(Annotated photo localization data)
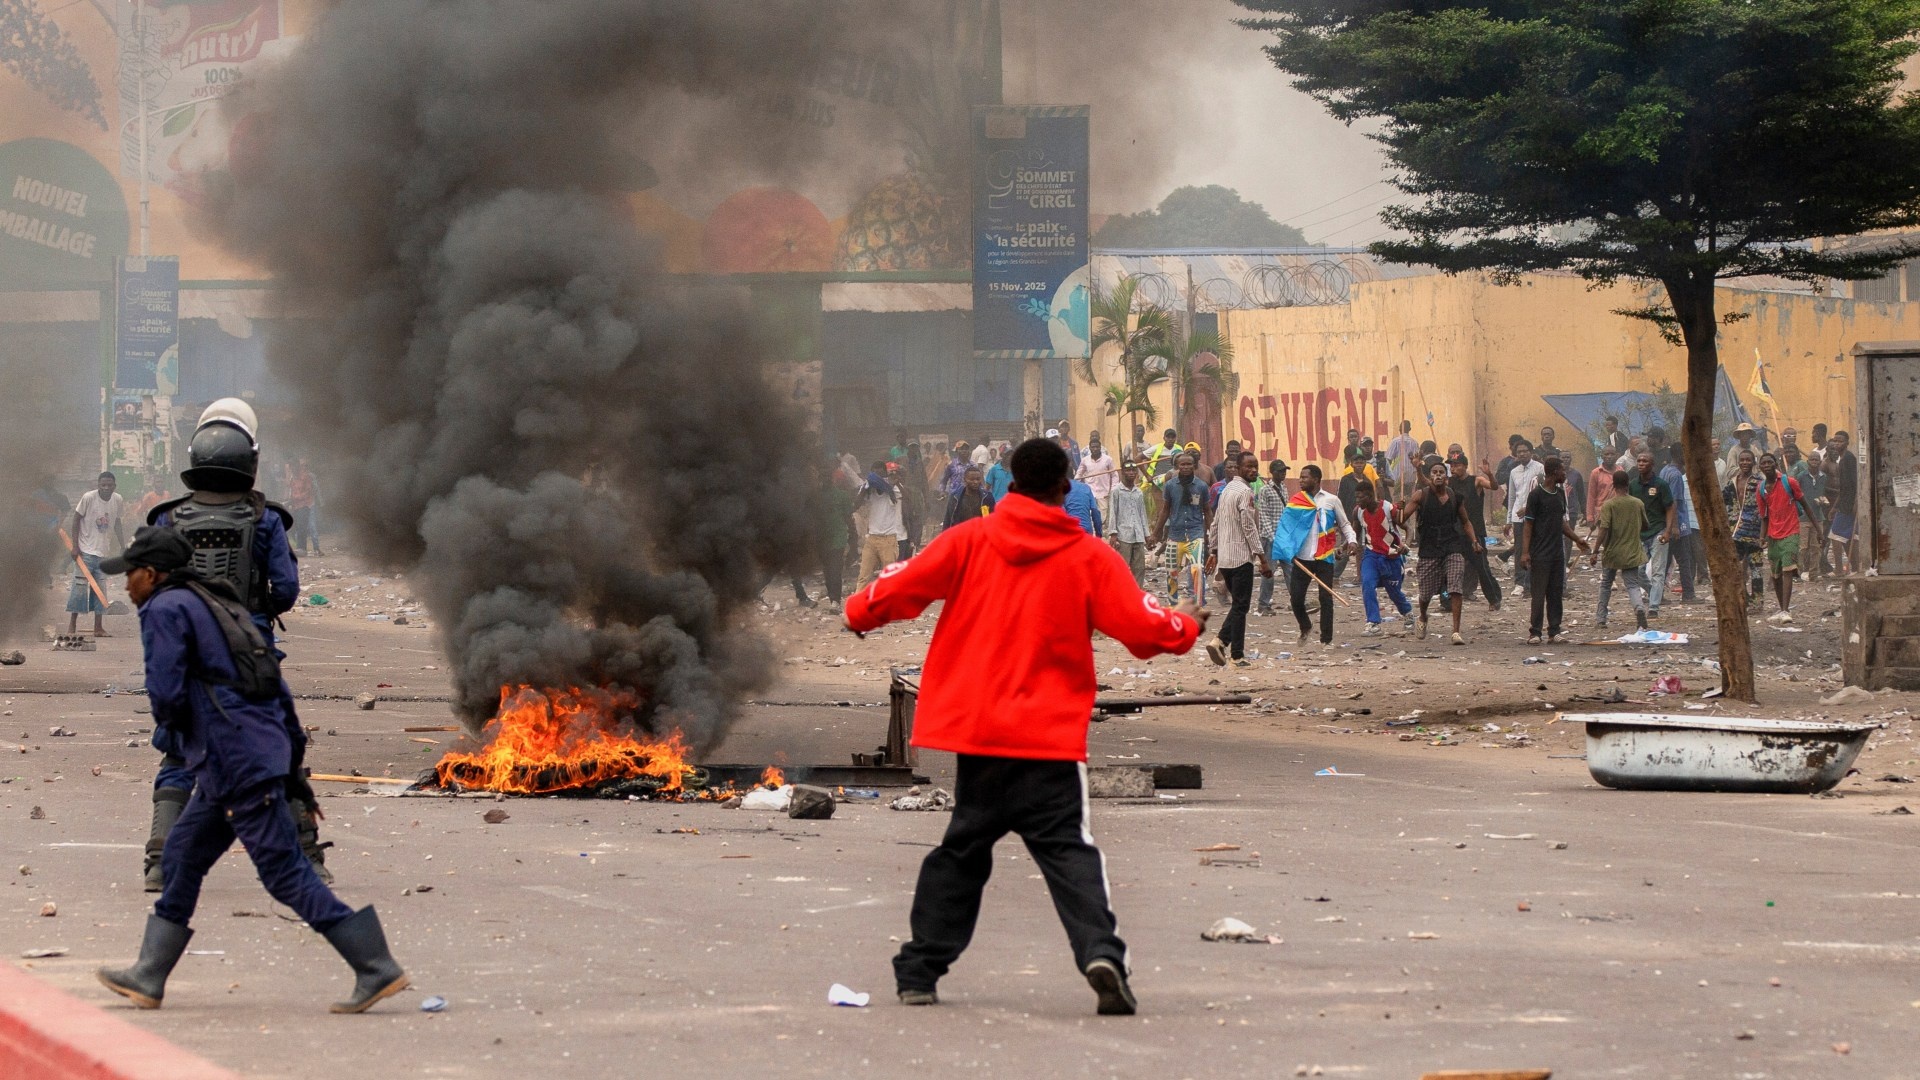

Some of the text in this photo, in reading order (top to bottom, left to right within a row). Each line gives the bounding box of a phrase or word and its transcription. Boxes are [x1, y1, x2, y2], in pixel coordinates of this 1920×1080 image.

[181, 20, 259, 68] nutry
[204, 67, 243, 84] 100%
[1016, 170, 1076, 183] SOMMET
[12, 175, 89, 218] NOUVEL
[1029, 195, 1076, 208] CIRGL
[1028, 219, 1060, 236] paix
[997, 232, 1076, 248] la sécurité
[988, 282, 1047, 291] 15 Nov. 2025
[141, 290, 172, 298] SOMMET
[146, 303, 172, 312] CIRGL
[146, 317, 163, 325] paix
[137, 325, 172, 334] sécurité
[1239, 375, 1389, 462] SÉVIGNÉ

WHAT THE EXERCISE ASKS>
Leave the pictures out, and transcribe each of the records exactly.

ANSWER FOR THIS EXERCISE>
Some of the text in this photo, in reading order (top to bottom, left to right within a row). Each line gives the bounding box of a phrase or word and its transcription. Boxes are [x1, y1, x2, y2], in pixel coordinates of this 1920×1080 image.

[181, 20, 259, 68] nutry
[204, 67, 243, 84] 100%
[1016, 170, 1076, 183] SOMMET
[12, 175, 89, 218] NOUVEL
[1029, 195, 1076, 208] CIRGL
[1028, 219, 1060, 236] paix
[997, 232, 1076, 248] la sécurité
[988, 282, 1047, 291] 15 Nov. 2025
[141, 290, 172, 298] SOMMET
[146, 303, 172, 312] CIRGL
[146, 317, 163, 325] paix
[137, 325, 172, 334] sécurité
[1239, 375, 1389, 462] SÉVIGNÉ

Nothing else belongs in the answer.